I lost my dad 6 weeks ago. He was here on Earth and gone so quickly. My heart is broken; broken in a way that will never heal. There is no length of time that can mend this, though I know that it has gotten easier to realize as the weeks have passed.
My dad was my rock. He was the person who made everything make sense. He was my supporter through everything I chose to do. He gave me strength and confidence. He loved me always and told me so.
There is so much about the situation that I have needed to talk through. Moments and memories that are both hauntingly beautiful and sad. Like the moment that I leaned down to kiss my dad in that hospital bed and say "I love you" to which he responded, "You don't have to say that." I could have cried and told him that I knew I didn't have to, I wanted to - his words: "I know you do. You don't have to say it." Cue the tears. The pride that hit me when he apologized for being sick and feeling like he let me down-yes, pride; my father loved his family so much that he was hurting for us instead of himself. Or the moment when he looked me in the eyes and asked "Why?" - I couldn't answer why this happened to him, I could only kiss him and tell him that I didn't know but that I wished I could fix it. Finally, the moment when he knew his life was ending and he was crying, unable to speak and all I could say was "It's okay, Daddy. It's okay. I love you."

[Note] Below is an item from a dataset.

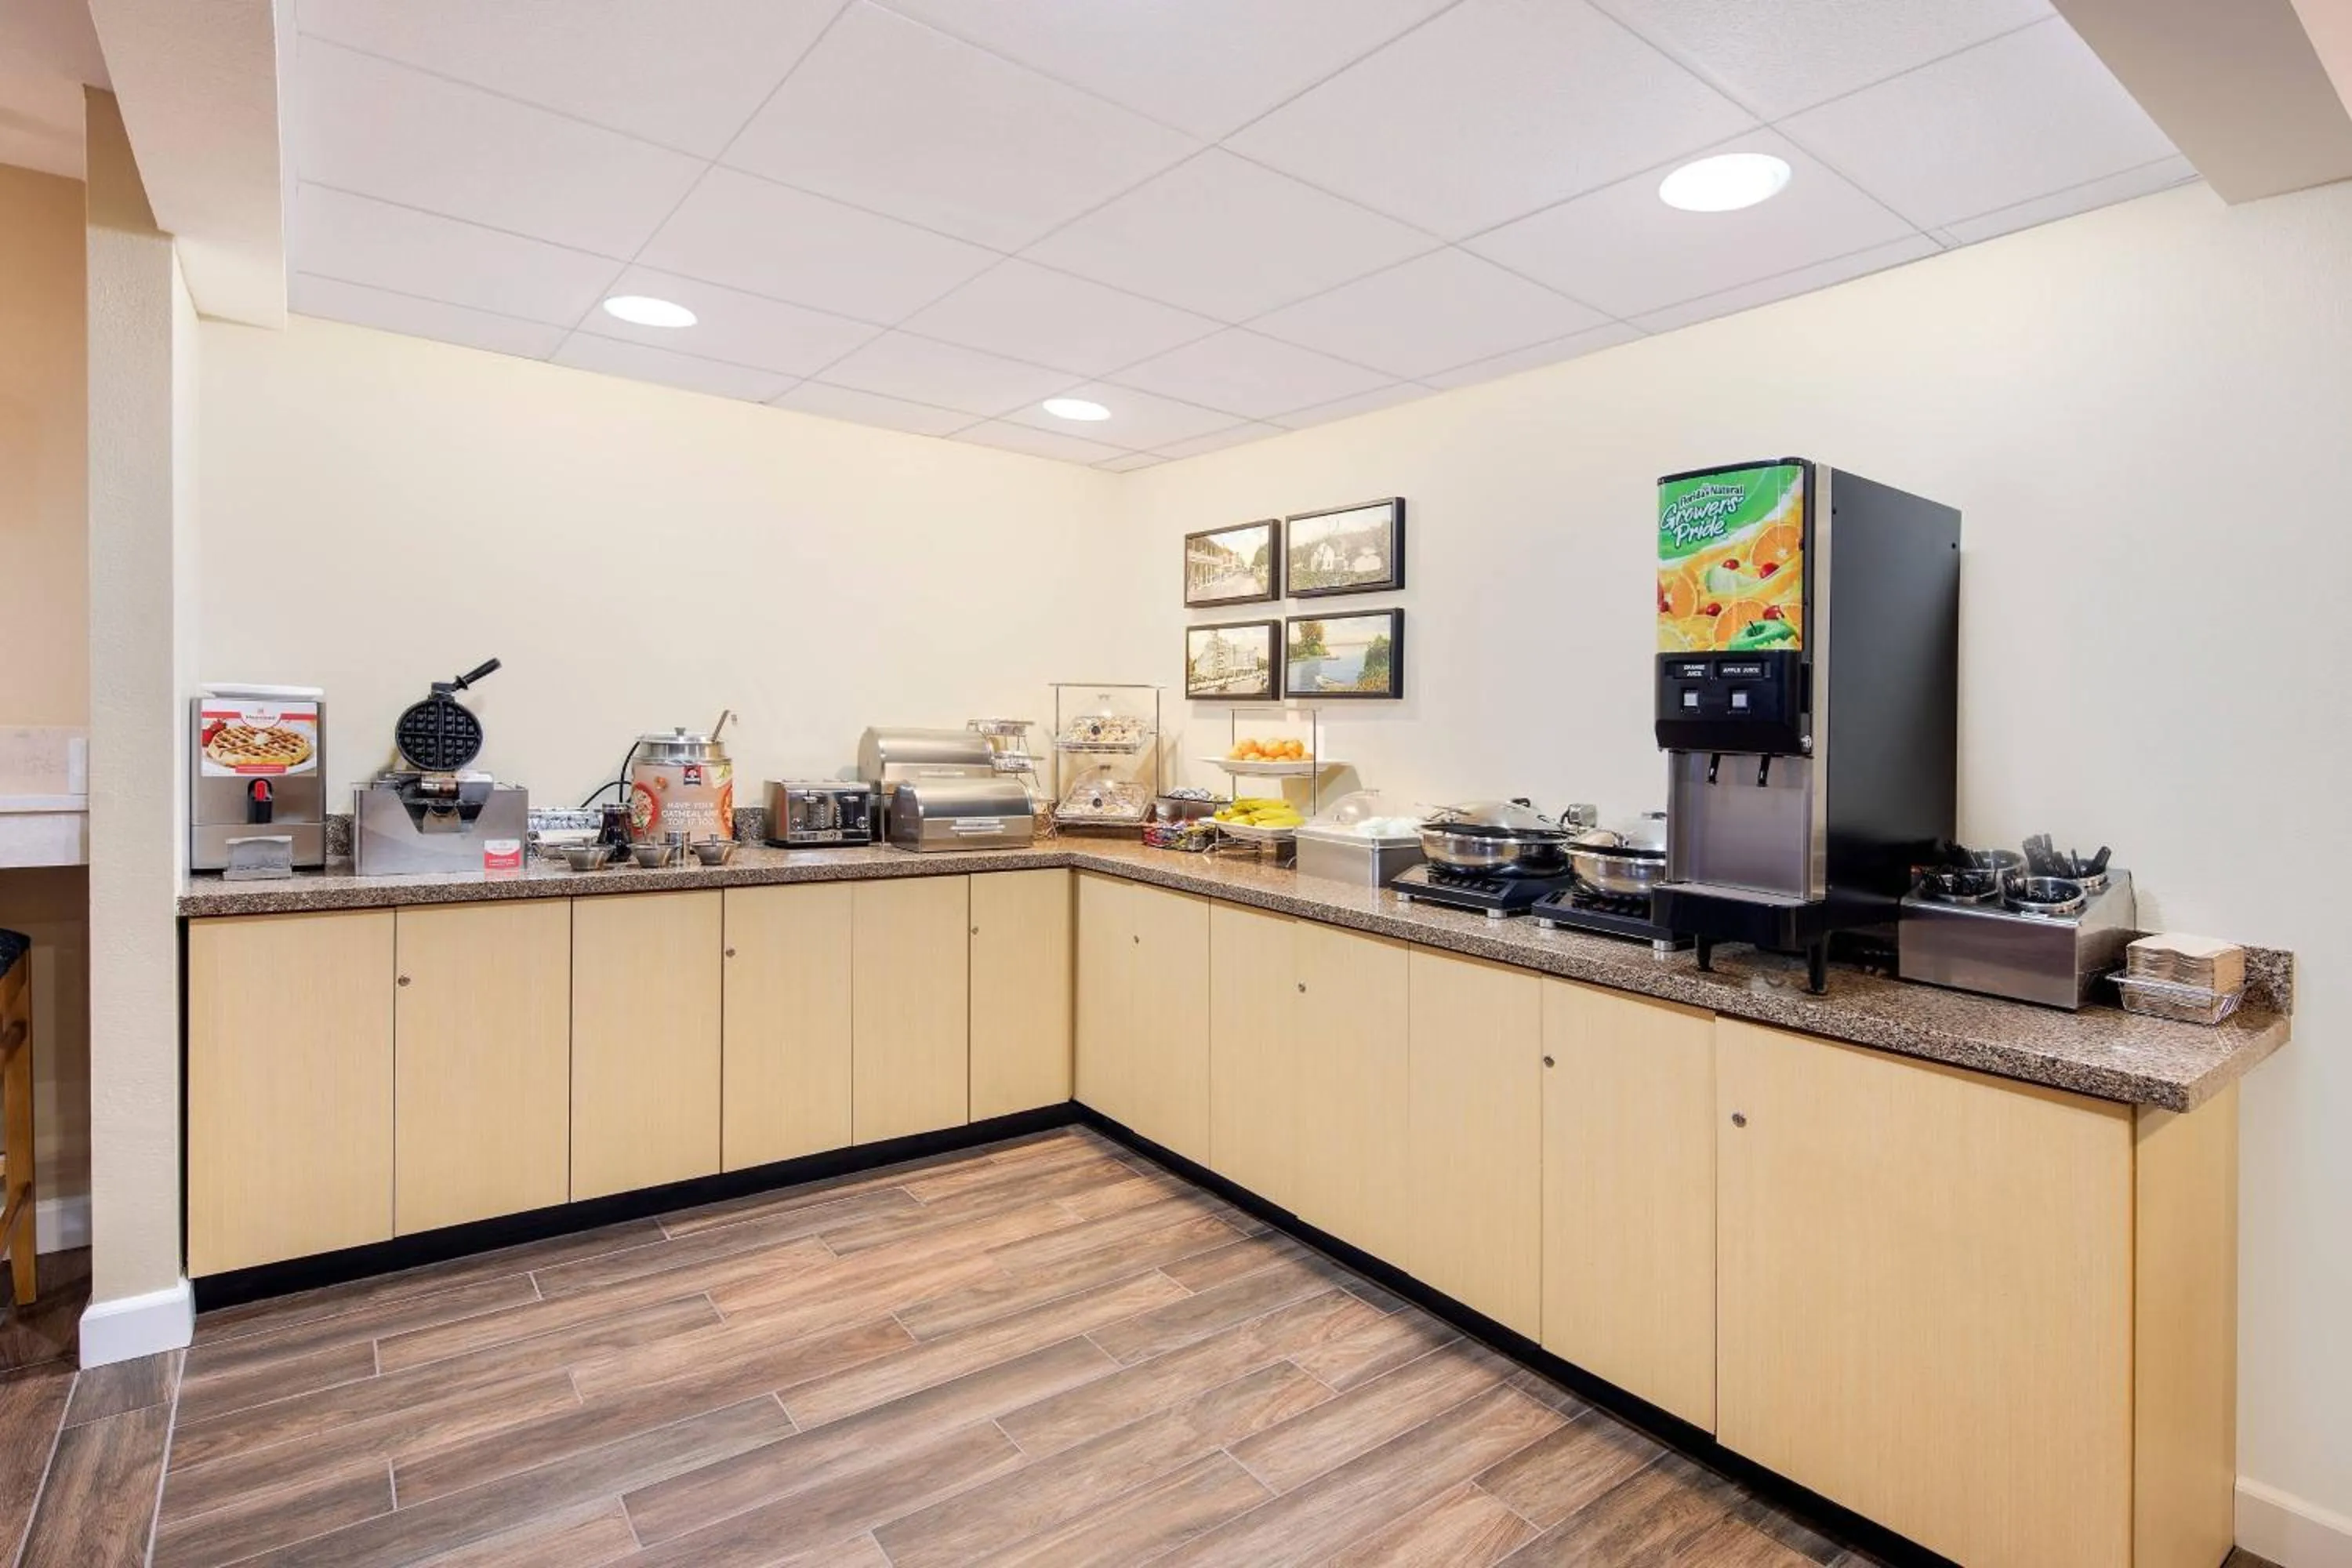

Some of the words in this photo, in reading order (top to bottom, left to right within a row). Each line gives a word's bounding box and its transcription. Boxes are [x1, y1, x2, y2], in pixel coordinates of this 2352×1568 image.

[1711, 485, 1744, 496] Natural
[1672, 514, 1726, 548] Pride
[662, 809, 700, 818] OATMEAL

Two and a half months after his diagnosis of Lymphoma, we lost him. I am blessed to have been able to go to our hometown and see him before he was gone. But, I am angry at myself for not getting to see him more. I am angry at myself for wanting so badly to move away from home and start a life, knowing it would be years before we could settle in a place of our choosing. Angry that he was proud of me for it, proud that I built a life with my husband and pursued our dreams. I am struggling with the guilt that I should have been better, tried harder, done more. I am wrestling resentment that my husband's career is what pulled us away; I know it's not his fault but grief is a difficult thing, there's too much to process, too many what-ifs.

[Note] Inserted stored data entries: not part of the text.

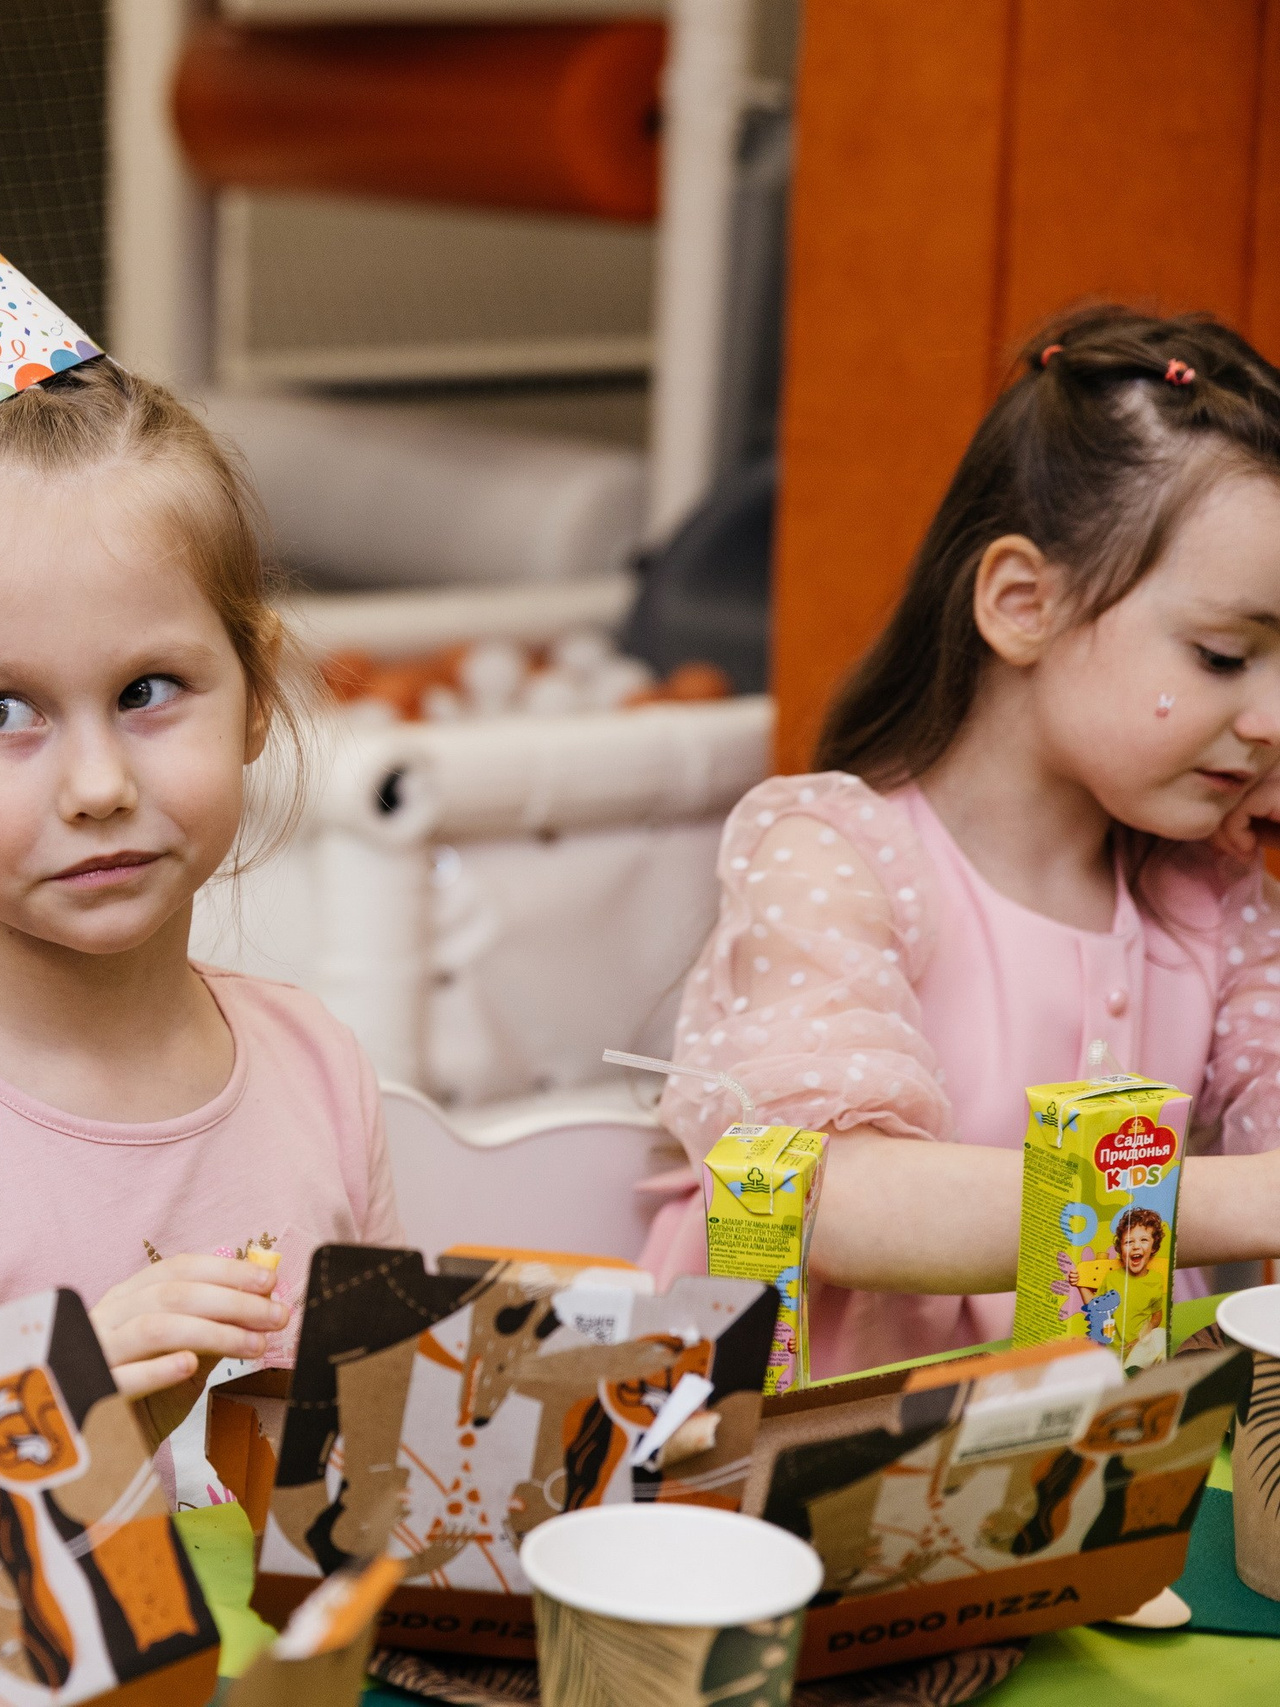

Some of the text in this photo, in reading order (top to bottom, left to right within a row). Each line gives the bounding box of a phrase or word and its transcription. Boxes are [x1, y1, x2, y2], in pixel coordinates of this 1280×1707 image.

[1114, 1134, 1154, 1147] Сады
[1100, 1144, 1170, 1165] Придонья
[1106, 1166, 1161, 1190] KIDS
[470, 1617, 536, 1639] PIZ
[828, 1585, 1080, 1652] DODO PIZZA

To top it all off, in the middle of my father's last weeks on this Earth, we find out we're PCSing. To a place that is incredibly far from home and nowhere I ever wanted to live. I am trying to find the positives in this duty station and hold fast in my belief that my life happens for a reason. But, I am crumbling under the weight of it all. Thankfully, I have great friends that have given me an ear (and shoulder) as I wade through this. I can continue to make my dad proud, I know it, I have never quit before and don't plan to start.
*If you have read all of this, thank you. It is my heart right now in print, it doesn't get more real than that.